Like I said this times blend with the bible, Jericho destroyed by Jeushoa [hope I got that right in English] and later on in the bible [I cant point directly where but its not hard to look up for it] someone was punished [I think in King Solomon time] for rebuilding Jericho, again, Jewish, thing is there are not digging in these areas due to the tension[I can tell], basically 2,000 years ago Israel was Jewish only, but ONLY Jews? I dunno, thing is the non-Jews didn't mix with the Jews and Jews with the non-Jews, but all across that time the big majority was Jewish, 2,000 years ago, Jesus walked on the Kineret of Tiberius, in the Talmud it said he was sitting in a pub or some tavern and studied, he told his teacher to look at the strange eyes of the waitress [probably Asian] and as you know staring a women is forbidden in Judaism, which is why he was banished, studied the highest levels of the Torah/Cabala and in the peak of spirituality he failed for momentary instinct, however I found this to be an evidence of non Jews [I Don't mean Jesus, but the waitress] and this is the latest one.
The question you're asking is basically impossible to answer since there always lived non-Jews, among the Jews, because economic opportunity attracts people.


----------



## Saigon (Oct 13, 2014)

Daniyel - 

The thing is, we both know that thousands of people lived in Jerusalem and Jericho and Akko and Nablus some 3,000 years ago, and that these people were not Jews. We can call them Canaanites or Arabs or Egyptians or whatever you like - but they weren't Jews and they were the forefathers of today's Palestinians, and they lived in those cities in reasonable numbers. 

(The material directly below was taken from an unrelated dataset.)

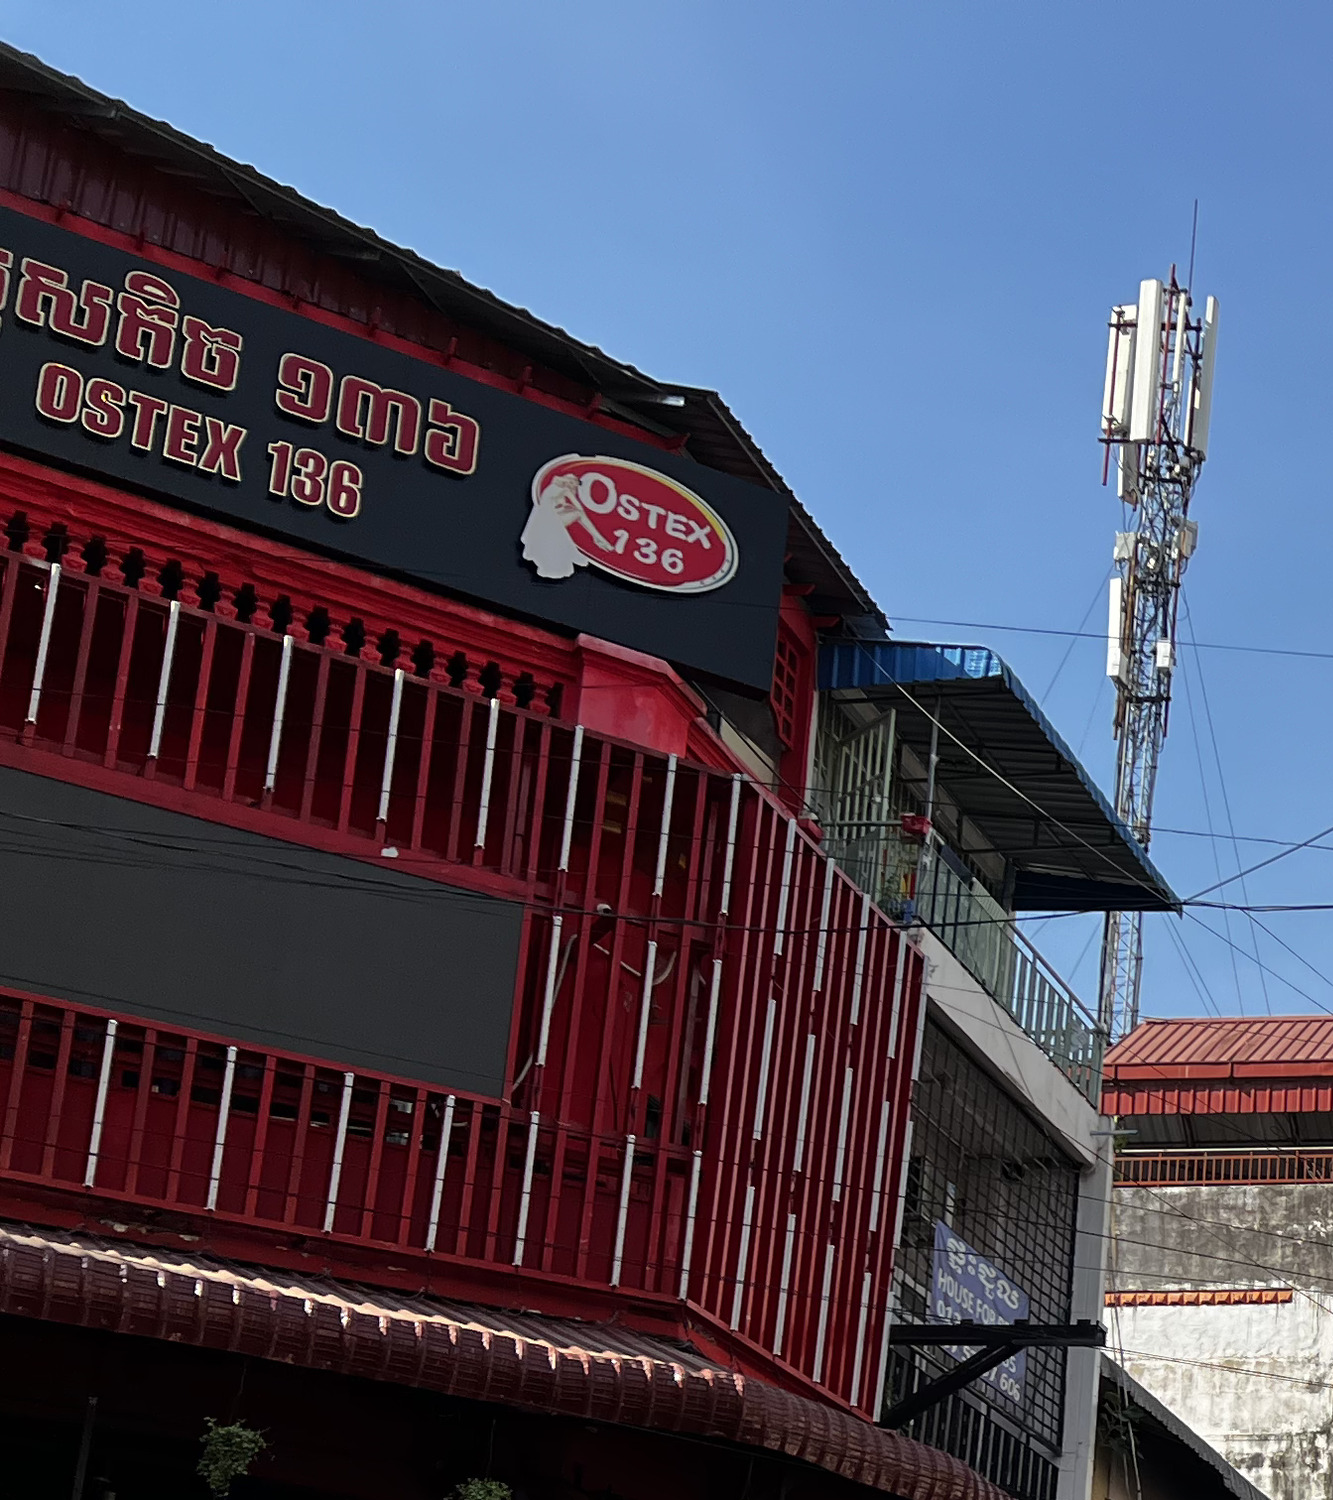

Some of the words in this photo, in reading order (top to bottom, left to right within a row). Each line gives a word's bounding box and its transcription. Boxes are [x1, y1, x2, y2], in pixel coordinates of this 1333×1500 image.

[36, 362, 249, 482] OSTEX
[267, 440, 363, 518] 136
[611, 527, 684, 575] 136
[937, 1267, 974, 1314] HOUSE

Did these people live "in and around Jews" in Ramallah, Nalbus or Akko?

No, of course they didn't; they were very much the majority in those towns (from the time those towns were founded). 

I totally agree that Jews lived in some of those cities as well, but what puzzles me here is why anyone would feel the need to lie about something that surely everyone is aware of.


----------



## docmauser1 (Oct 13, 2014)

montelatici said:


> docmauser1 said:
> 
> 
> > Saigon said:
> ...


No arabs?! Hilarious!


----------



## docmauser1 (Oct 13, 2014)

Challenger said:


> docmauser1 said:
> 
> 
> > Saigon said:
> ...


Jesus was a jewish rabbi too! hehehe


Challenger said:


> No surprise he'd label towns based on the Bible rather than their Arabic or Turkish names; he also labelled areas of the Ottoman Empire by their original Ancient Greek names instead of their Turkish provincial names.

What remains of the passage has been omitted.